% Generated by roxygen2: do not edit by hand
% Please edit documentation in R/successive-difference-replication.R
\name{as_sdr_design}
\alias{as_sdr_design}
\title{Convert a survey design object to a successive differences replicate design}
\usage{
as_sdr_design(
  design,
  replicates,
  sort_variable = NULL,
  use_normal_hadamard = FALSE,
  compress = TRUE,
  mse = TRUE
)
}
\arguments{
\item{design}{A survey design object created using the 'survey' (or 'srvyr') package,
with class \code{'survey.design'} or \code{'svyimputationList'}.}

\item{replicates}{The target number of replicates to create.
This will determine the order of the Hadamard matrix to use when
creating replicate factors.
If \code{use_normal_hadamard = TRUE}, then the actual number of replicates will be
greater than or equal to \code{replicates} and determined by identifying
the smallest available Hadamard matrix available from the 'survey' package.
If \code{use_normal_hadamard = FALSE}, then the actual number of replicates will be the
smallest \emph{power} of 4 that is greater or equal to the specified value of \code{replicates}.}

\item{sort_variable}{A character string specifying the name
of a sorting variable. This variable should give
the sort order used in sampling. If the design includes strata,
then the replicate factors will be assigned after first sorting by the 
first-stage strata identifier
and then sorting by the value of \code{sort_variable} within each stratum.}

\item{use_normal_hadamard}{Whether to use a normal Hadamard matrix:
that is, a matrix whose first row and first column only have entries
equal to 1. This means that one of the replicates will be an "inactive" replicate.
See the "Details" section for more information.}

\item{compress}{Use a compressed representation of the replicate weights matrix.
This reduces the computer memory required to represent the replicate weights and has no
impact on estimates.}

\item{mse}{If \code{TRUE}, compute variances from sums of squares around the point estimate from the full-sample weights,
If \code{FALSE}, compute variances from sums of squares around the mean estimate from the replicate weights.}
}
\value{
A replicate design object, with class \code{svyrep.design}, which can be used with the usual functions,
such as \code{svymean()} or \code{svyglm()}.

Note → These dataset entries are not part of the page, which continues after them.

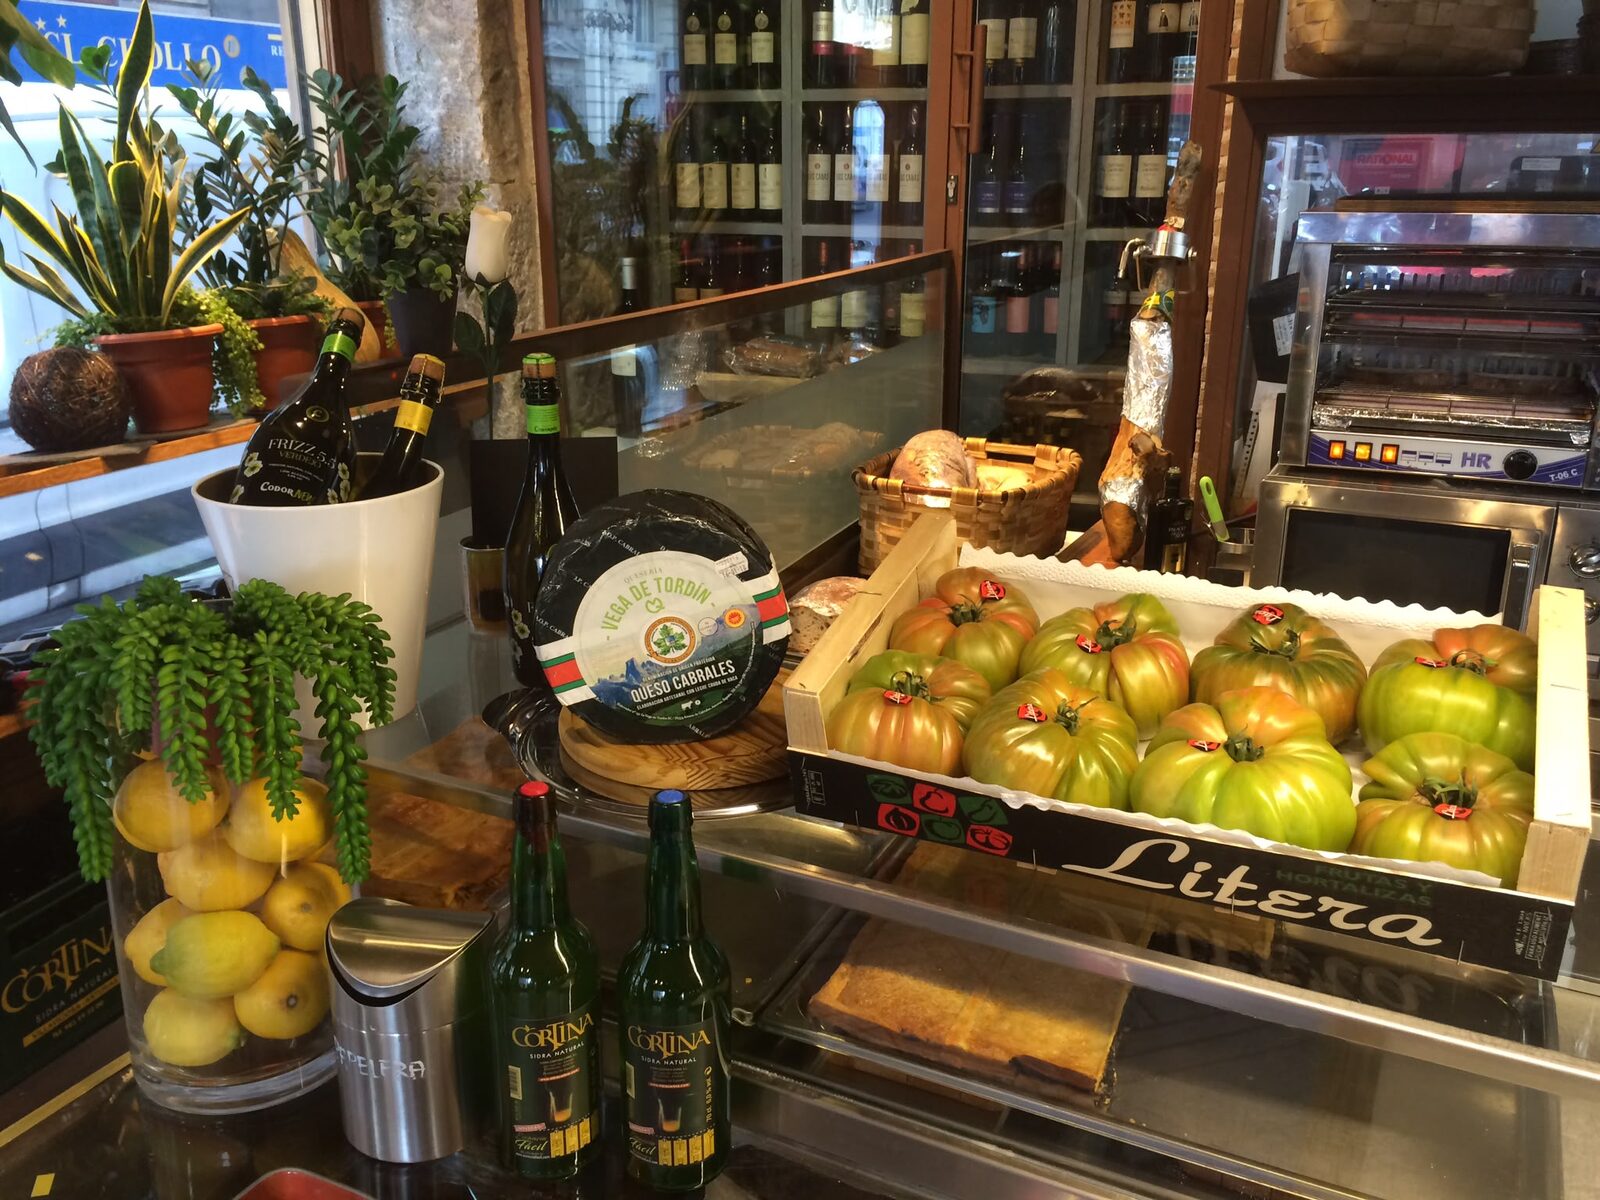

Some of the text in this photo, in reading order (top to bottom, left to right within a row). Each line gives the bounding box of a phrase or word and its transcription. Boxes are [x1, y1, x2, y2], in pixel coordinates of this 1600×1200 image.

[1357, 153, 1417, 165] RATIONAL
[268, 438, 316, 456] FRIZZ
[1461, 452, 1492, 470] HR
[1548, 468, 1578, 482] T-06 C
[601, 576, 712, 630] VEGA DE TORDÍN
[630, 659, 736, 703] QUESO CABRALES
[1061, 838, 1443, 947] Litera
[1275, 869, 1433, 907] HORTALIZAS
[1314, 863, 1434, 894] FRUTAS Y
[511, 1012, 594, 1051] CORTINA
[627, 1025, 712, 1059] CORTINA
[529, 1041, 585, 1060] SIDRA NATURAL
[641, 1055, 697, 1066] SIDRA NATURAL

Use \code{weights(..., type = 'analysis')} to extract the matrix of replicate weights. \cr
Use \code{as_data_frame_with_weights()} to convert the design object to a data frame with columns
for the full-sample and replicate weights.
}
\description{
Converts a survey design object to a replicate design object
with replicate weights formed using the successive differences replication (SDR) method.
The SDR method is suitable for designs that use
systematic sampling or finely-stratified sampling designs.
}
\section{Statistical Overview}{

The successive difference replication method was proposed by Fay and Train (1995)
as a replication method appropriate for samples selected using systematic sampling.
It is designed to yield variance estimates for totals that are equivalent to
successive difference variance estimators described in Fay and Train (1995).
There are different methods for forming the replicate factors depending on
whether the replicate variance estimator is meant to be equivalent to the 
SD2 variance estimator (i.e., the circular successive difference estimator) 
or the SD1 variance estimator (the non-circular successive difference estimator) 
described in Ash (2014). This function uses the approach based on the SD2 variance estimator.
For multistage designs, this replication method only takes into account information about the
first stage of sampling.

The scale factor to be used for variance estimation with the replicate weights
is \eqn{4/R}, where \eqn{R} is the number of replicates. This scale factor will 
be used even when there are finite population corrections; see the subsection below.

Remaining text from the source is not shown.